There are extremely few reported cases of OCD causing catatonia and some of those cases are possibly associated with the somewhat contentious diagnosis of Pediatric Autoimmune Neuropsychiatric Disorder Associated with Streptococcus. As there is a symptom overlap between OCD and catatonia some cases of catatonia are possibly being missed, warranting discussion regarding differential diagnosis, symptomatology, and treatment of catatonia and OCD.

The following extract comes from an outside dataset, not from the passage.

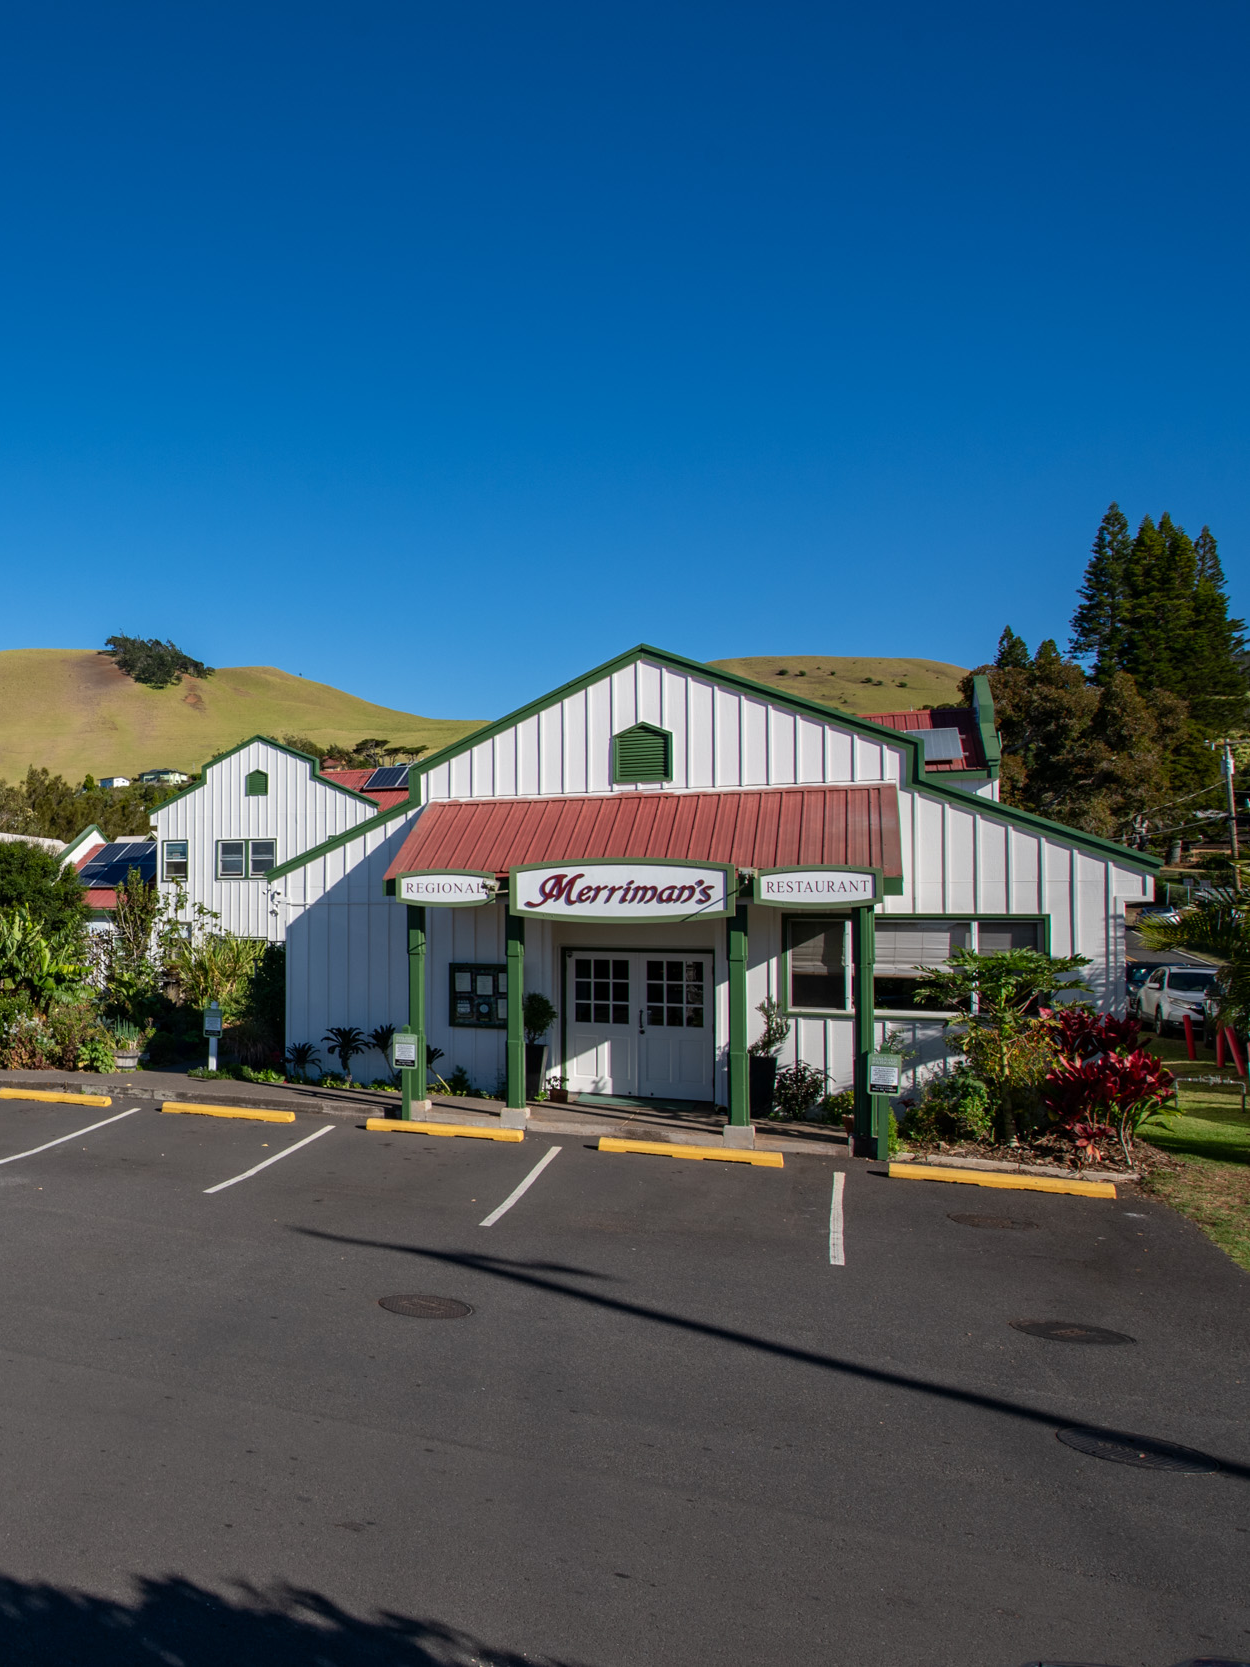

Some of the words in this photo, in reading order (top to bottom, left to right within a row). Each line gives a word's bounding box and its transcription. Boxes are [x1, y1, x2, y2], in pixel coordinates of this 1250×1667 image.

[406, 882, 485, 894] REGIONAL
[524, 873, 715, 908] Merriman's
[766, 880, 869, 893] RESTAURANT

We describe a case of a 18-year-old patient who developed severe catatonia secondary to OCD, possibly related to PANDAS/PANS. We discuss the complex work-up, differential diagnosis, and treatment of this patient.

Discussion of a single case and a review of catatonia literature as it relates to OCD and autoimmune disorders.

Our patient was an 18-year-old Ukrainian male who presented with sub-acute onset of decreased movement, decreased oral intake, and inability to speak. He was diagnosed with catatonia of an unclear etiology and treated with high-dose lorazepam at an outside hospital then transferred to our care. Presenting symptoms were then clarified and found to be consistent with OCD, upon which OCD treatment was initiated. The patient’s sub-acute and severe onset of OCD raised the question of a PANDAS/PANS diagnosis, which was further investigated. Ultimately, his symptoms improved with ongoing lorazepam and he was transferred to another hospital for ECT treatment.

OCD has been observed to cause catatonia in extremely rare cases. Diagnosing catatonia associated with OCD is challenging and important as catatonia is associated with significant morbidity and mortality if left untreated. Our patient improved with concurrent treatment of catatonia and OCD.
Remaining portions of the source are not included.